Paleocene/Eocene Thermal Maximum

~55 million years ago, the Paleocene/Eocene Thermal Maximum saw global temperature increase by ~5°C in ~15000 years:


Zachos (2001), 'Trends, Rhythms, and Aberrations in Global Climate', Science 292, p. 686.

Today, we face a similar ~5°C temperature increase, but wrought within ~one tenth the amount of time:


Solomon et al. (2009), 'Irreversible climate change due to carbon dioxide emissions', PNAS 106, p. 1704-1709.

How will the {Earth System}’s negative feedback cycles respond in the face of this unprecedented rate of change?

3 Responses to “Paleocene/Eocene Thermal Maximum”

  1. Beth! says:

    But is it truly an ‘unprecedented’ rate of change?? Records from the Greenland ice cores indicate sharp swings in temperature occurring over tens of years time as recently as a few thousand years ago (as summarized here, building on published data from JGR and other sources). While I am in no way trying to belittle the discussion here, and definitely do think it is important to consider how human impact may be altering ‘natural’ systems, I caution the reliance on select Earth history records to frame the debate that the rate of change happening now has never occurred before.

  2. Jelte says:

    Hi Beth! The alleged recent temperature shifts to which you refer are inferred from d18O shifts in ice-cores from Greenland. As far as I know, individual shifts have not been successfully correlated with Antarctic cores and there is no evidence that the shifts correspond to global, rather than local, events. Furthermore, there are many possible ‘non-temperature’ causes for the isotopic shifts: changes in sea-ice distribution, shifts in precipitation source area, altered weather and/or cloud patterns, … It’s also important to consider the background to your excursions: a glacial period, when sudden changes in ice volume strongly control d18O[ice].

    The Paleocene/Eocene temperature shift I’m referring to is inferred from d18O shifts in carbonates (not ice) from both marine and terrestrial records on several continents. It occurred against a background of much hotter temperatures: your large d18O variations are absent from inter-glacial periods. Drastic changes in fossil assemblages attest to the temperature changes that I called ‘unprecedented’.

    With regards to the situation today: if it were merely a question of ten hot years followed by a return to the good ol’ days, I would not be worried!

  3. Beth! says:

    dj Jelt, you bring up very good points about the validity of extrapolation of the Greenland ice core data to conditions occurring globally – thank you. (note to self: get more schooling on paleo-climate datasets).

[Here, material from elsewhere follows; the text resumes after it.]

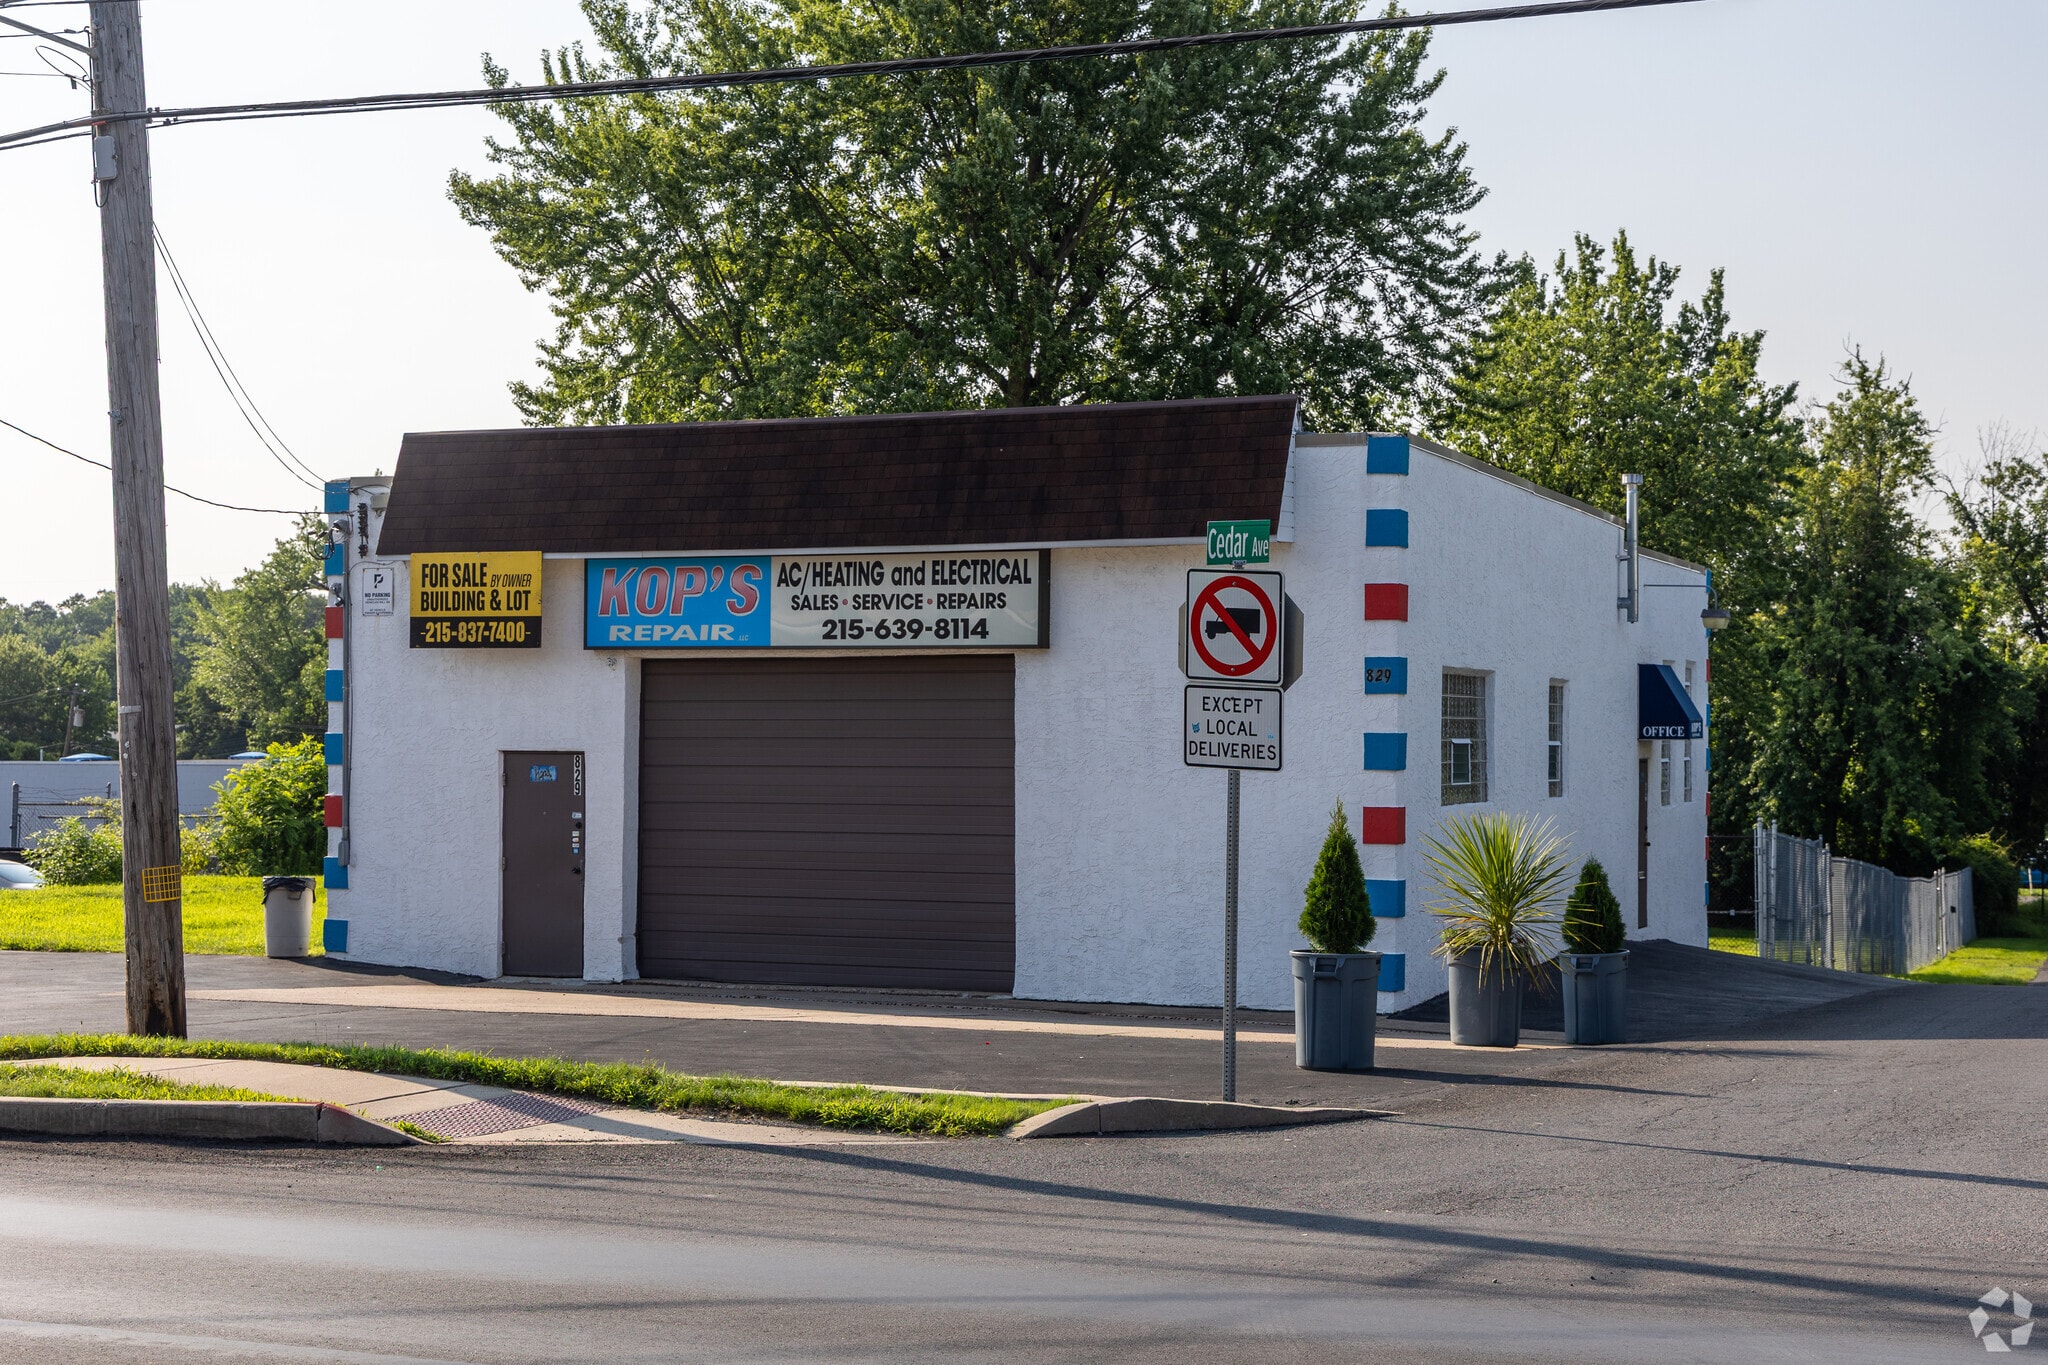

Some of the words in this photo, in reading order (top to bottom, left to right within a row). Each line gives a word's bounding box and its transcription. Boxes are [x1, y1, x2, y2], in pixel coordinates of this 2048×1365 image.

    Addressing your original question – how the Earth’s systems will respond to the current accelerated rate of change is anyone’s guess. Models will only tell us so much, and they probably won’t take into account interference by humanity (a la maybe it will rain more somewhere else, but what if ‘we’ build more dams to catch it and prevent it from going anywhere…) But I think the more sure thing is that the level of orchestrated dependency of humanity on the artificial supports for our life-as-the-developed-world-knows-it (drill for oil to make the fertilizers to grow our food, etc.) is highly susceptible to links in the chain being broken.